Richard Braatz

and 16 more

Recombinant adeno-associated virus (rAAV) is a commonly used in vivo gene therapy vector because of its non-pathogenicity, long-term transgene expression, broad tropism, and ability to transduce both dividing and non-dividing cells. However, rAAV vector production via transient transfection of mammalian cells typically yields a low fraction of filled-to-total capsids (~1–30% of total capsids produced). Analysis of our previously developed mechanistic model for rAAV2/5 production attributed these low fill fractions to a poorly coordinated timeline between capsid synthesis and viral DNA replication and the repression of later phase capsid formation by Rep proteins. Here, we extend the model by quantifying the expression dynamics of total Rep proteins and their influence on the key steps of rAAV2/5 production using a multiple dosing transfection of human embryonic kidney 293 (HEK293) cells. We report that the availability of pre-formed empty capsids and viral DNA copies per cell are not limiting to the capsid filling reaction. However, optimal expression of Rep proteins (< 240 ± 13 ag per cell) enables enrichment of the filled capsid population (> 12% of total capsids/cell) upstream.

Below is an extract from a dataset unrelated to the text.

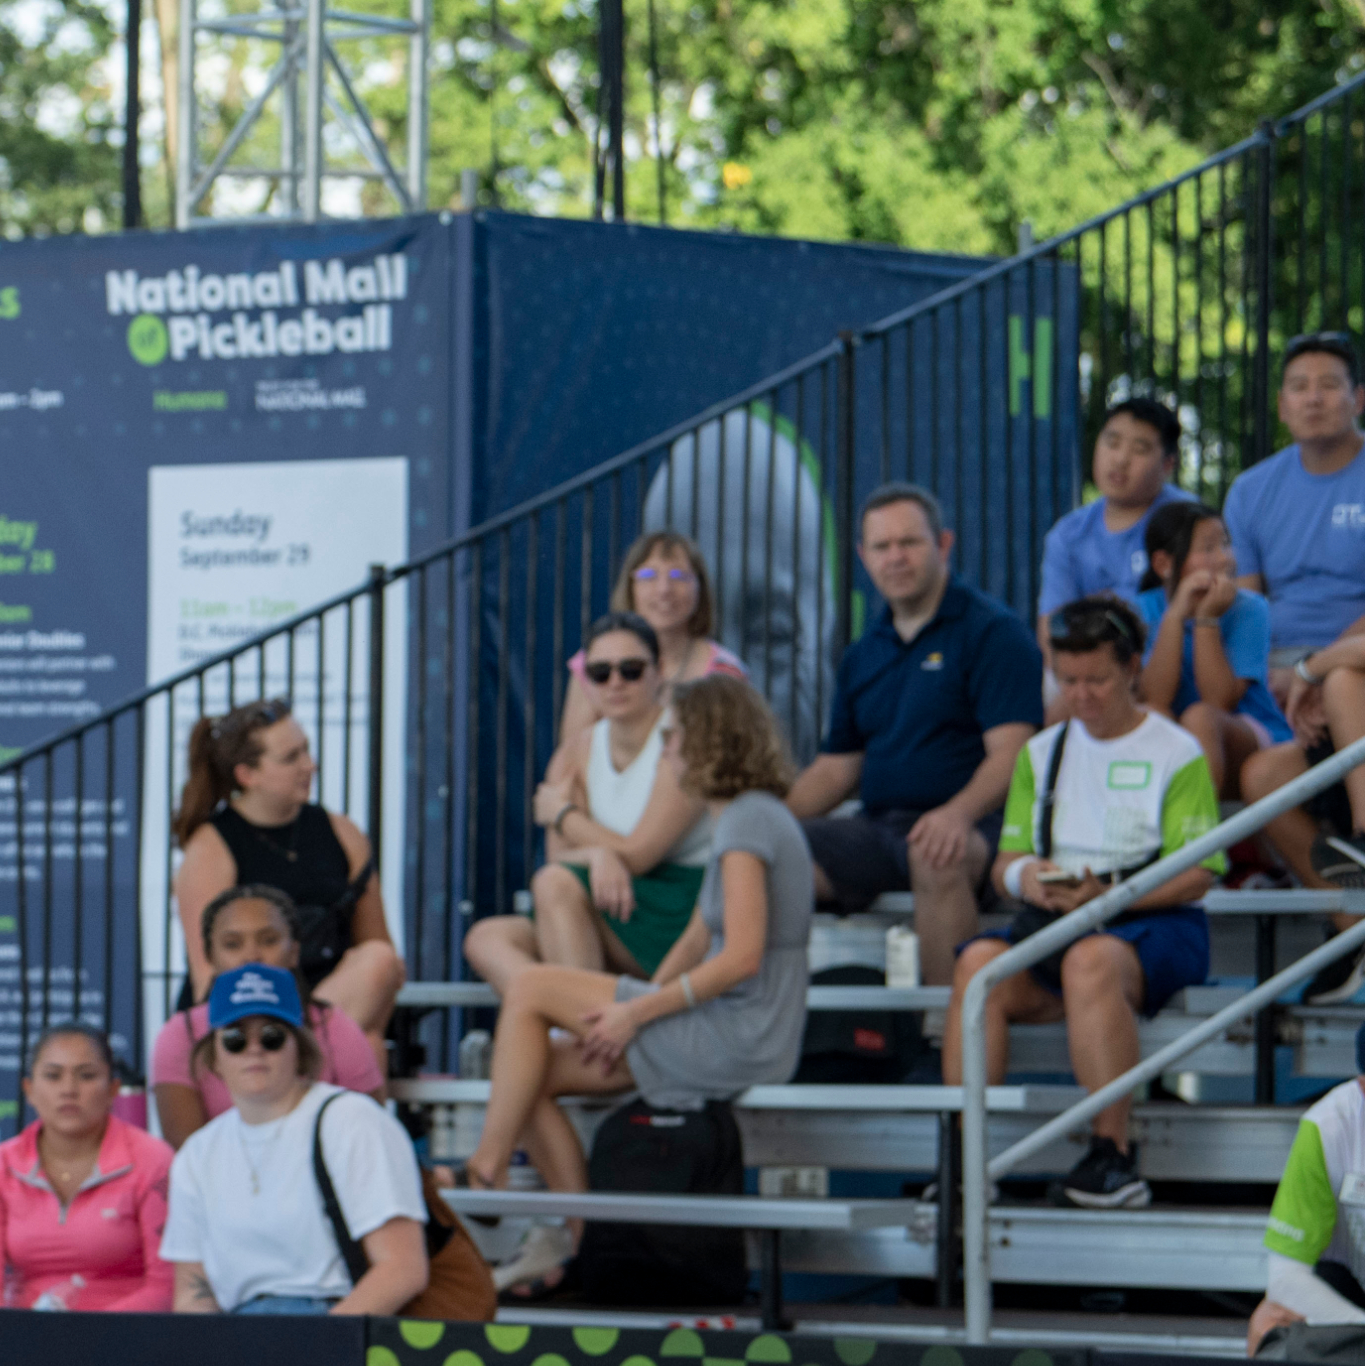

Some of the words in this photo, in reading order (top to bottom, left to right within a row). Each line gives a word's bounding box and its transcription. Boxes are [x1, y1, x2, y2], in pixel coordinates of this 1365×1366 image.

Our analysis suggests increased enrichment of filled capsids via regulating the expression of Rep proteins is possible but at the expense of per cell capsid titer in a triple plasmid transfection. Our study reveals an intrinsic limitation of scaling rAAV2/5 vector genome (vg) production and underscores the need for approaches that allow for regulating the expression of Rep proteins to maximize vg titer per cell upstream.